Era ya muy tarde, casi las doce de la noche, cuando el sheriff Reguillo dio por concluídas sus pesquisas. Los tres sospechosos habían dado muestras de no tener relación con la aparición repentina de aquel enorme objeto en la principal plaza del pueblo. Decidió descansar, quizás al día siguiente los sospechosos mostrarían algún signo de debilidad o bien las marujas ofrecerían alguna pista peregrina.

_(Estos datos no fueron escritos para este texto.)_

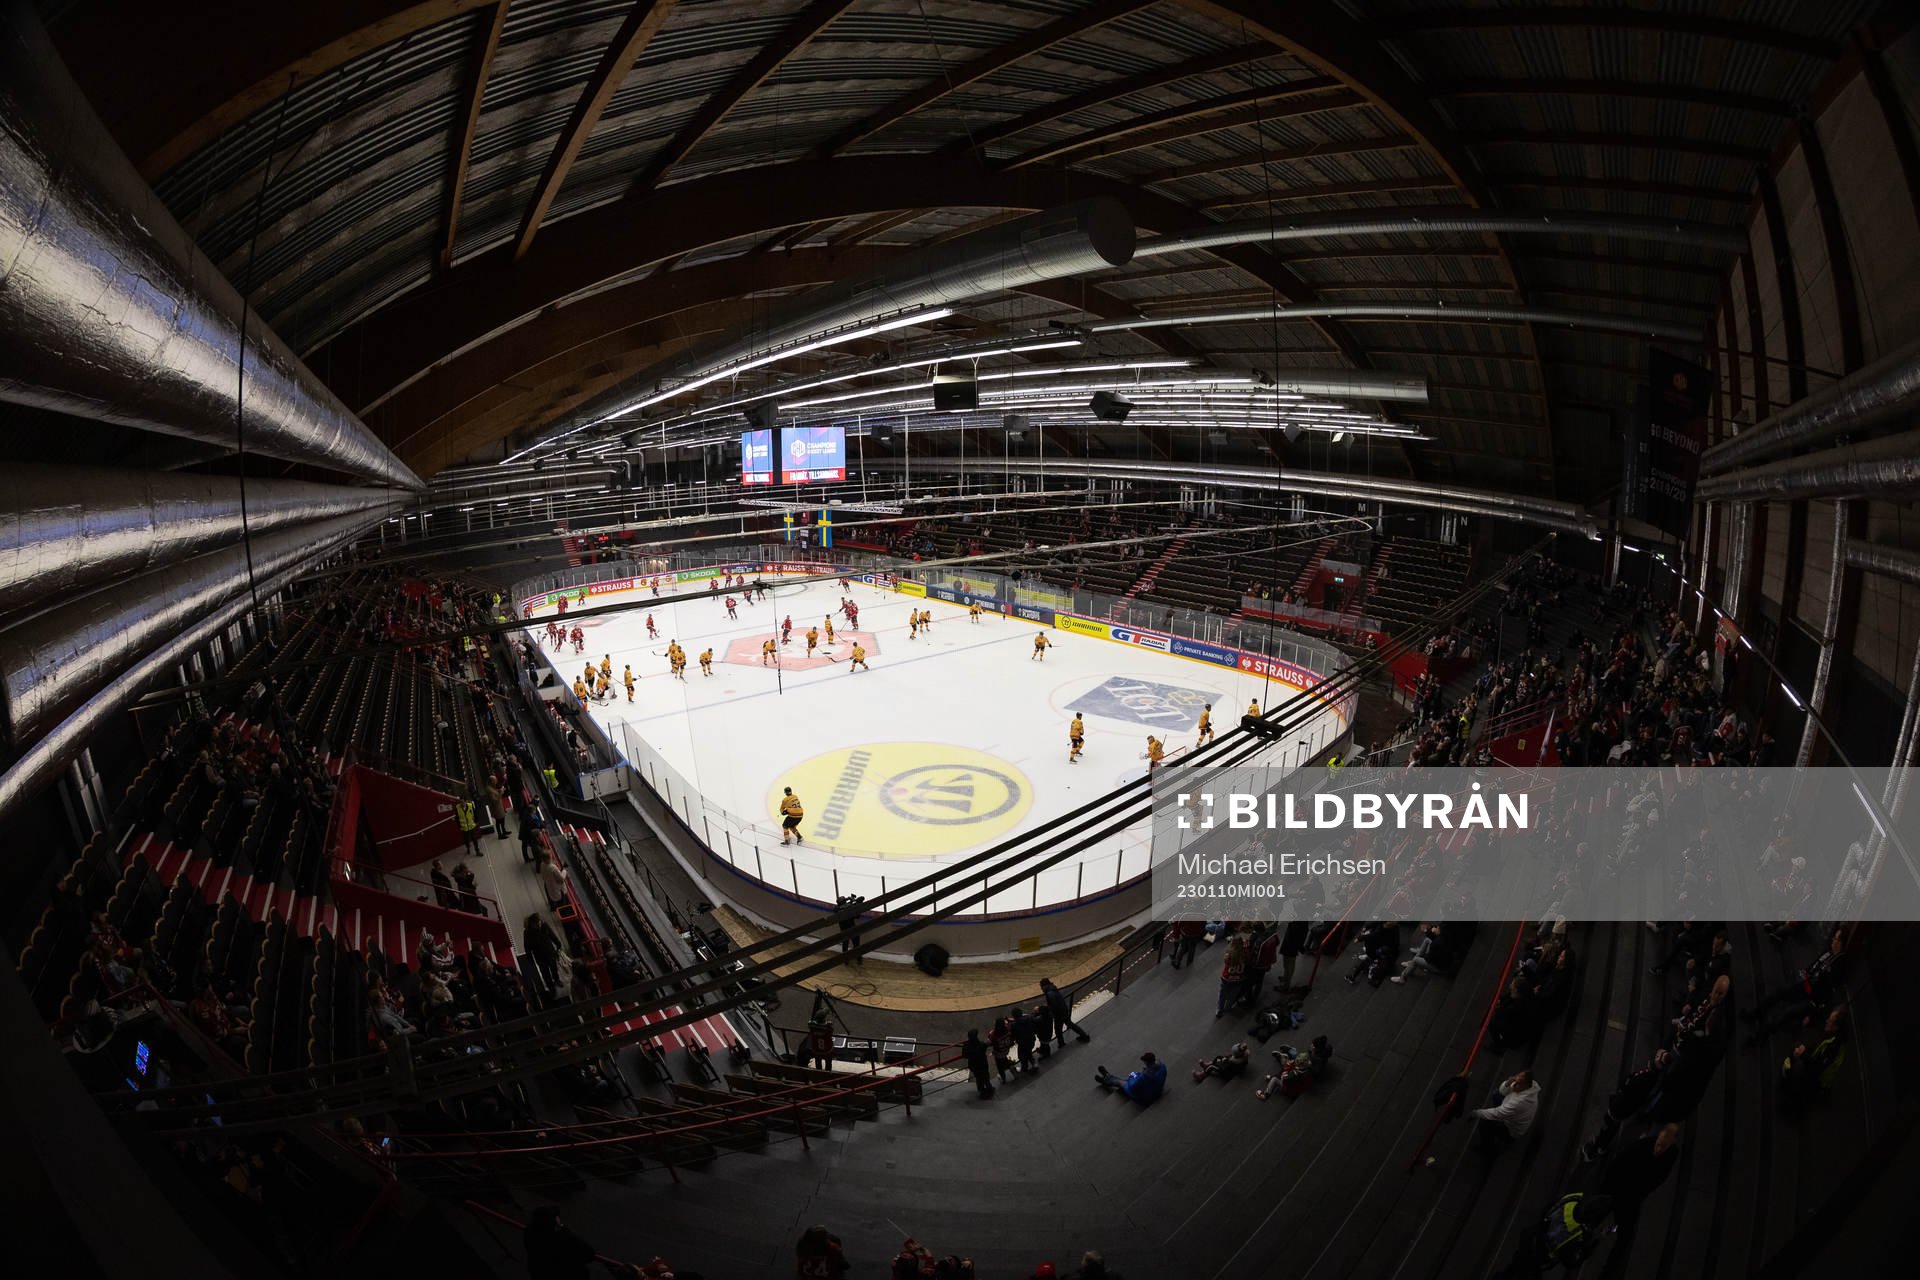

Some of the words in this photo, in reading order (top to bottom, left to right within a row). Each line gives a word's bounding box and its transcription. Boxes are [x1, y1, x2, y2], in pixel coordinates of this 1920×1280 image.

Martes, 22 de julio. El madrugador panadero José María fue el único testigo de la terrible devastación del pueblo de Gasteroptown. Una gigantesca babosa, surgiendo pausada e inesperadamente de una concha de caracol que tranquilamente reposaba en la Plaza Mayor del pueblo, impregnó de babas las calles y devoró comercios, casas, edificios gubernamentales y parques con sus columpios y toboganes. Sólo un habitante del municipio pudo escapar para dejarnos este testimonio que ahora les relatamos. Un tal Humberto García, vecino paradigmático, a quien cualquiera que lo hubiese tratado hubiera asegurado que se trataba de una persona absolutamente normal.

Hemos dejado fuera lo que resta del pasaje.